Sunday, September 30, 2007 Malilong: Good anti-flooding techniques By Frank Malilong The Other Side
IT has been raining lately and, as expected, our streets have been flooding too. This cause-effect relationship is as established as that between wound and bleeding. Thanks to criminal neglect and the shortsightedness of our officials, you can, as surely as the sun rises in the east, expect that when it rains in this sorry part of the world, it floods.
The problem has stared us in the face for decades but, as expected, nothing has been offered to address it. We have been getting excuses not solutions from City Hall: any flood control program costs money that unfortunately, and as usual, they do not have.
Since it is obvious that we have been left to fend for ourselves against raging floodwaters, I have constituted the commission on good anti-flooding technique (COGAT), appointed myself chairman and in that capacity, hereby declare the table open for intelligent suggestions.
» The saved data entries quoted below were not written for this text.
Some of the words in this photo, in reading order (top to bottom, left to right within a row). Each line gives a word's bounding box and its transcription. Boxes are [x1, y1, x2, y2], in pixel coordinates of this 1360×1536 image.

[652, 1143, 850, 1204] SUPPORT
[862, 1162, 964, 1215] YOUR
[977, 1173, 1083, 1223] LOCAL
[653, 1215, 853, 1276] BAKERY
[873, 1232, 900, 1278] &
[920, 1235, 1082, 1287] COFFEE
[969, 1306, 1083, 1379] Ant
In the meantime, I propose the following:
Solution No. 1: Build our cities higher than the mountains so that when it rains we will be flooding the mountains instead of the mountains sending cascading waters onto the cities.
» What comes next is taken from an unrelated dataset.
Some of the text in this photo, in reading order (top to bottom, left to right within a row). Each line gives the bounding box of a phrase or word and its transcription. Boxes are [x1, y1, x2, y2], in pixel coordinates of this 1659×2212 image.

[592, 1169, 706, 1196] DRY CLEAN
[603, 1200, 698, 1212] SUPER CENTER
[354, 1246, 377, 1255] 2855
Solution No. 2: Convert our streets into rivers. I like this one because it addresses not only the flooding but so many other problems such as: traffic (because there will be no more roads), waste disposal (let’s just throw our garbage into the rivers and let nature take care of the rest) and health (everybody will be paddling his boat to get to his destination).
Send your suggestions. Everything will be treated with confidentiality but only if I don’t find it interesting enough to print in this space. *** You better believe it: someone offered me immense wealth but I rejected it.
Mary of Kuwait, married to the late Dr. Henry of the kingdom’s foreign service, suffers from terminal cancer (her doctor told she would not last longer than three months from the time she wrote me.) They have no children.
When Doc Henry was alive, he had a US $2.5 million deposit in a bank in the Ivory Coast. Poor Mary, not only is she dying from cancer but she also recently had a stroke. So she wants to give the money to me.
Why me of all people? Let’s hear it from Poor Mary: “Having known my condition, I decided to donate this fund to a Christian individual who will utilize the money the way I am going to instruct herein.”
I know I am a Christian but for somebody from as far as Kuwait to take note of that? Boy, am I having a blast!
As if what she said was not enough to melt a certified pusong mamon, she added, “I don’t want a situation where this money will be used in an ungodly manner especially by my husband’s relatives who are always around me. Hence the reason for this bold decision.” She even quoted what she said was a verse in Chapter 14 of Exodus.
So why did I choose to reject her generosity despite her glowing endorsement of my humble person? I have three reasons: one, the modest pay (ahem) that I get for my columns is enough to sustain (ahem, again) my modest lifestyle; two, I don’t want to lose my friends.
And the third? Because even the devil will quote the Scriptures if it suits his purpose.